For the layman, there may be too much math throughout the book. However, they do a fantastic job of summarizing each idea in plain English at the end of each section. For example, in chapter 2 on hot and cold streaks, after presenting data, explaining their process and interpreting results, they summarize the section with "Knowing that a hitter has been in or is in the midset of a hot or cold streak has little predictive value. Always assume that a player will hit at his projected norm (adjusted for the park, weather, and pitcher he is facing), regardless of how he has performed in the very recent past. A player's recent history may be used as a tiebreaker."

Managers, players, fans and the media often put too much emphasis on results from small samples sizes.
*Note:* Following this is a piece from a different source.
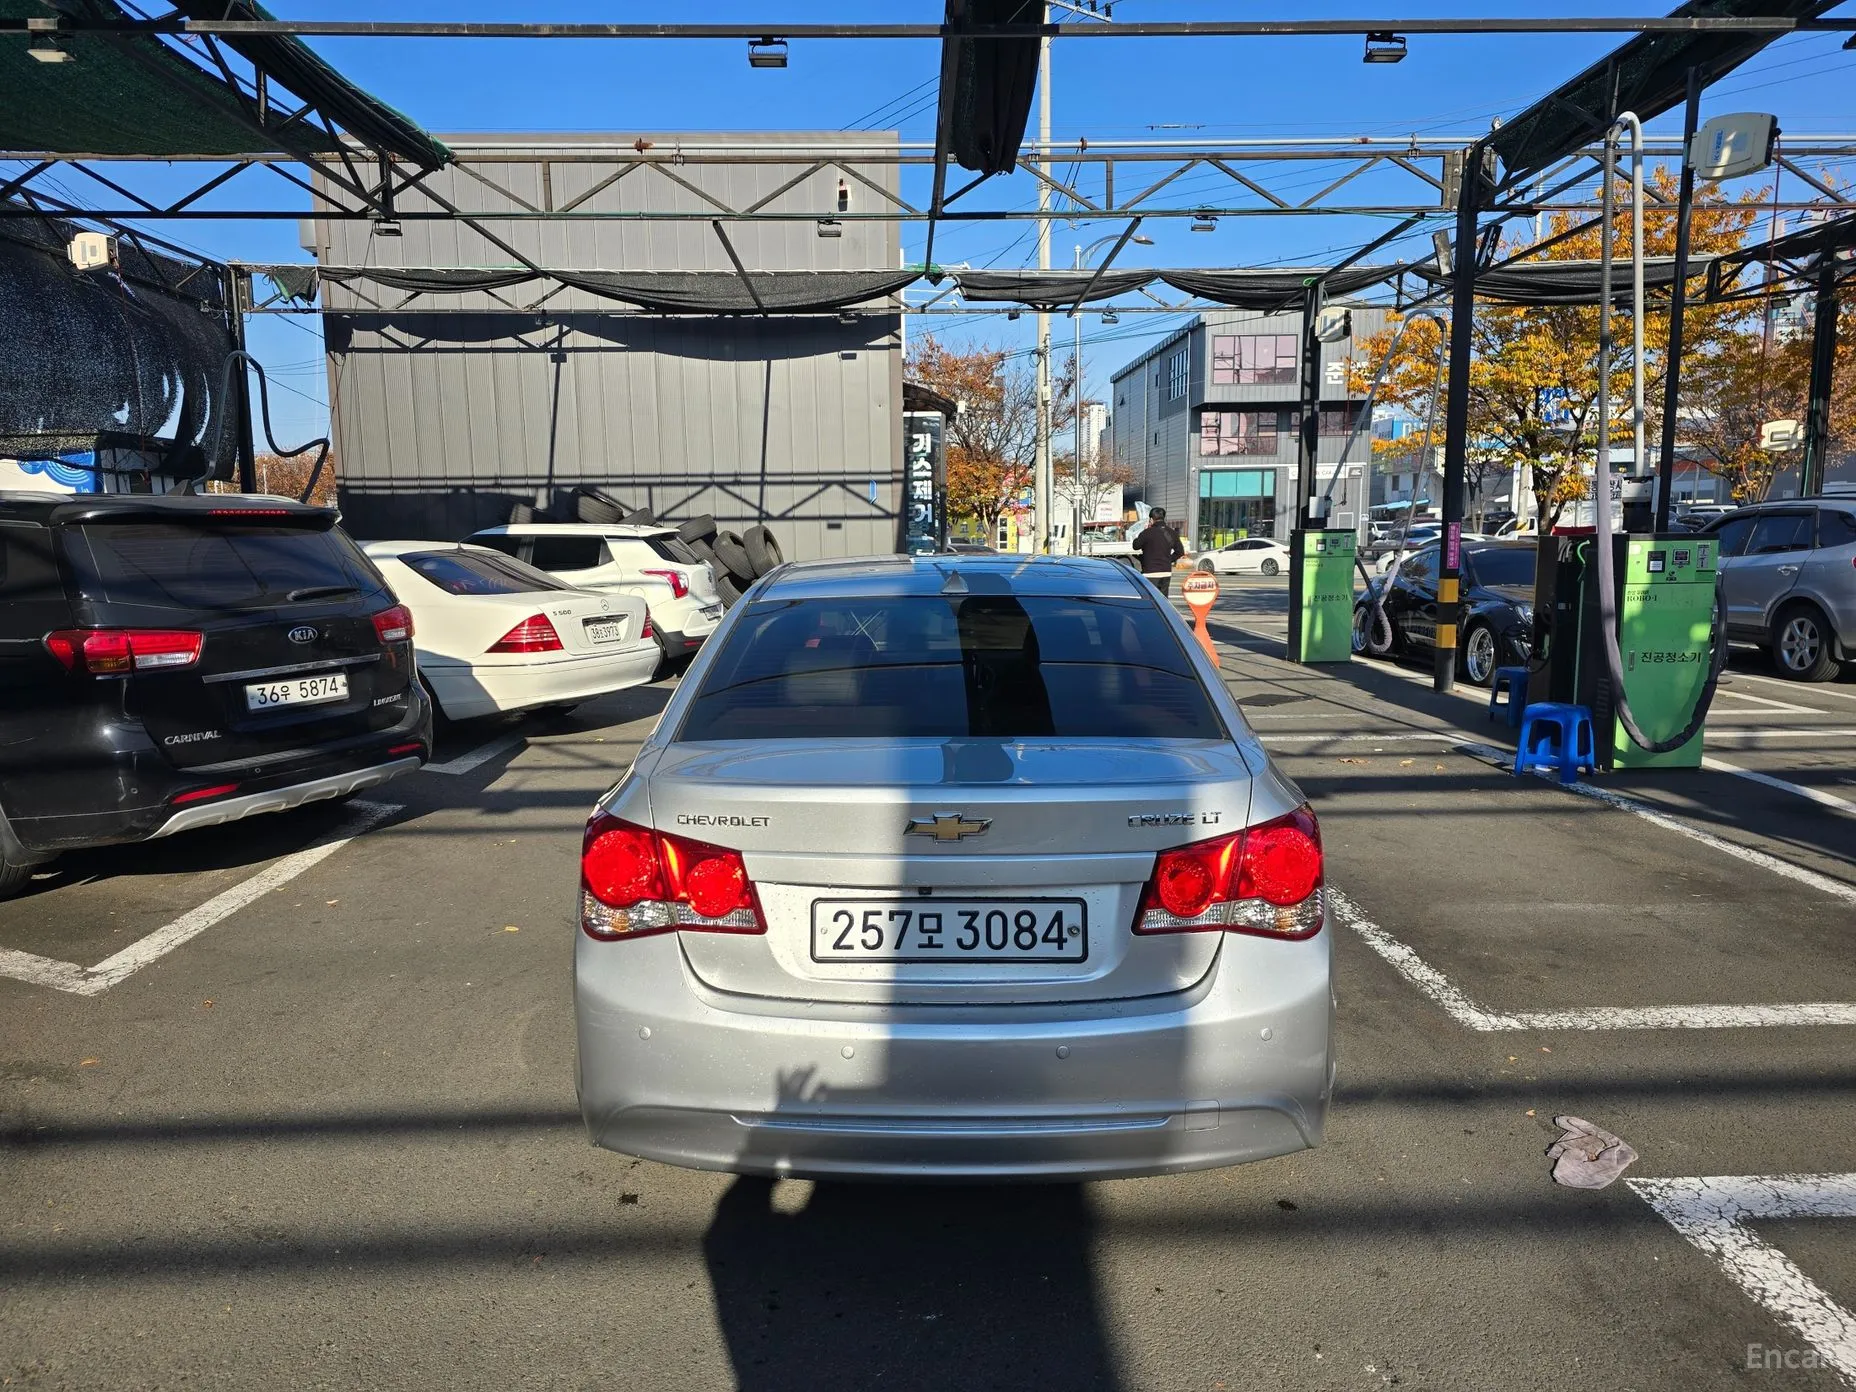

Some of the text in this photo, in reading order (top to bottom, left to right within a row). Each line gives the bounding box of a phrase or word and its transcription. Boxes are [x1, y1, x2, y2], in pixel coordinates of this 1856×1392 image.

The authors warn against making this mistake. "One of the pervasive themes of this book is the danger of inferring too much from too little by underestimating the influence of randomness". For example, they summarize a section on pitcher-batter matchups with: "Knowing a player will face a particular opponent, and given the choice between that player's 1,500 PA (plate appearances) over the past three years against the rest of the league or twenty-five PA against that particular opponent, look at the 1,500 PA. "

They aren't afraid to point out when general baseball wisdom is correct. On starting pitchers, they write, "pitchers perform best with five days of rest, and worst with three days of rest. To manage our entire starting rotation effectively, four days of rest seems to be the optimal point. The current MLB pattern of scheduling the starting rotation works."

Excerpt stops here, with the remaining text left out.